In 1975 Rollerball looked forward to a distraction of the public with sports in 2018. Michael Moore’s 2009 activist documentary Capitalism: A Love Story opens by suggesting that we can improve our comprehension of the public’s present-day sports focus by looking back two millennia to the Roman Emperors' use of events in the Coliseum (starting circa 70 and 72 AD) to socially control and distract the public from, for instance, “the city’s ruins left from Nero’s despotic rule.”

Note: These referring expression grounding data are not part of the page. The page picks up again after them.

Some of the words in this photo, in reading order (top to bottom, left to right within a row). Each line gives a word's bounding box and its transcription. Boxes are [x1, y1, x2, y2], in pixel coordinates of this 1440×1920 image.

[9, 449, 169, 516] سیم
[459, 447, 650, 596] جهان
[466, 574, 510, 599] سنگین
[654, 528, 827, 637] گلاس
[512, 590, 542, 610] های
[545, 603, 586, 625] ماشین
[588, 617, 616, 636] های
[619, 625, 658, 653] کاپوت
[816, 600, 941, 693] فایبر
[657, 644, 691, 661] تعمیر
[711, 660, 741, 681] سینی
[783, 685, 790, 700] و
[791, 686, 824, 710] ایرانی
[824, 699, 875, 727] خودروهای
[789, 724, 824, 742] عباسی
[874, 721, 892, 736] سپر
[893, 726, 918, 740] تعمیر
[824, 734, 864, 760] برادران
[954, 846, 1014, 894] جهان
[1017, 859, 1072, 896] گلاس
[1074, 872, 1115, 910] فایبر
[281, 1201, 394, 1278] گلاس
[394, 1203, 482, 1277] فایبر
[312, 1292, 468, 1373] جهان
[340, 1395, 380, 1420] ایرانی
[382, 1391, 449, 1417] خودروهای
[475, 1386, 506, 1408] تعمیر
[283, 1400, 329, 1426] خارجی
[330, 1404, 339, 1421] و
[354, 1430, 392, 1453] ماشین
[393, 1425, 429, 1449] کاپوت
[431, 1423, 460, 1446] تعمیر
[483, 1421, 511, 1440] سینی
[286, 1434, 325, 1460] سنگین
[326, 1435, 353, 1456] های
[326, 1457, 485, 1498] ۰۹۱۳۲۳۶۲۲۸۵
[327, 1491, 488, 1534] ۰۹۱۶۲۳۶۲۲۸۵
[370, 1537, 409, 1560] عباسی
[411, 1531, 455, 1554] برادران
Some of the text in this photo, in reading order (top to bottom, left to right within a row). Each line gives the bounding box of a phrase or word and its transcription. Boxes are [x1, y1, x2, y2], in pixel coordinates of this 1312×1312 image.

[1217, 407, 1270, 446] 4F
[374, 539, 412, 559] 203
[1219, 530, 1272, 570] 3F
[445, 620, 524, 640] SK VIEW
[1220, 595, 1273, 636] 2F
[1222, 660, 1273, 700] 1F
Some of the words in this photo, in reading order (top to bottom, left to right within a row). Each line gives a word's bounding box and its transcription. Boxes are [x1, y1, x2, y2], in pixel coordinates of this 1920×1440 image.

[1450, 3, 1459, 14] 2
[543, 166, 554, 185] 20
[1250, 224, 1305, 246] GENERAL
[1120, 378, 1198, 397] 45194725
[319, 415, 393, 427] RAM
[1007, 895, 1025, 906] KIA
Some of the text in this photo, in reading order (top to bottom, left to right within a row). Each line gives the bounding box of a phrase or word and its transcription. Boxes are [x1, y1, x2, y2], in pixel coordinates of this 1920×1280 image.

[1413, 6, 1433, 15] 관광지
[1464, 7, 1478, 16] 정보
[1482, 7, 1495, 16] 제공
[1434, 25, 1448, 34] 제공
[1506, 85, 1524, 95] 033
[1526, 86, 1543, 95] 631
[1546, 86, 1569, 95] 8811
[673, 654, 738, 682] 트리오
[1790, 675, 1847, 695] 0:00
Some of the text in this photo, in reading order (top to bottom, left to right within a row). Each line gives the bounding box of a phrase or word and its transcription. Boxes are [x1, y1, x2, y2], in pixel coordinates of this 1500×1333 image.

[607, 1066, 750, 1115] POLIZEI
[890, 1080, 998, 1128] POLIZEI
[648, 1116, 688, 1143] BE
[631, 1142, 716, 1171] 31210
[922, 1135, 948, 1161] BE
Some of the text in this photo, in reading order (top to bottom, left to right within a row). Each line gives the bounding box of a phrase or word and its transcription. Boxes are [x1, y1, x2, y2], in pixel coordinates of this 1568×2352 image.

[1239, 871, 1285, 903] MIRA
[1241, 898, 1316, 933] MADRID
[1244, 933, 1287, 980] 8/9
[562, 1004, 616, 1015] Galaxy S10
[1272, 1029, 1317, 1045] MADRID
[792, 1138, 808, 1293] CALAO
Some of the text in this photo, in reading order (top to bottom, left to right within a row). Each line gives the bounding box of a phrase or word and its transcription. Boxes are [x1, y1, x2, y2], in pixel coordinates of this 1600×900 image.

Dispensing With the Sports Section
Do I follow professional sports? Not really. The first thing I do every morning to simplify my day and have one less thing to read is throw away the New York Times sports section. I get the sports news that is important to me from such sites as Field of Schemes and Atlantic Yards Report when it covers the public theft involved in building the proposed Nets arena. Sometimes, however, those sites miss something. As far as I can tell neither of them reported on the bad-guy bandit Yankee hat wearers. Thank goodness that the Times put its story on the front page.
Coming Back to Cap It Off
I don’t mean in my crankiness to begrudge or deny professional sports fans their pleasure. Certainly, I would like it if they were to join and fight a few of populist battles alongside the more regular political activists but each to his own. I recognize the pleasure that professional sports can be even it isn’t mine. Still, when I see a guy in a Yankee hat (or a Nets jersey) my reaction is not purely one of live and let live. It is one of unease. I think about how that fellow may be interested in the theft of my property and that is something I thought about long before the Times told us on the front page that we really do have to be careful about the larcenously antisocial instincts of people wearing such garb.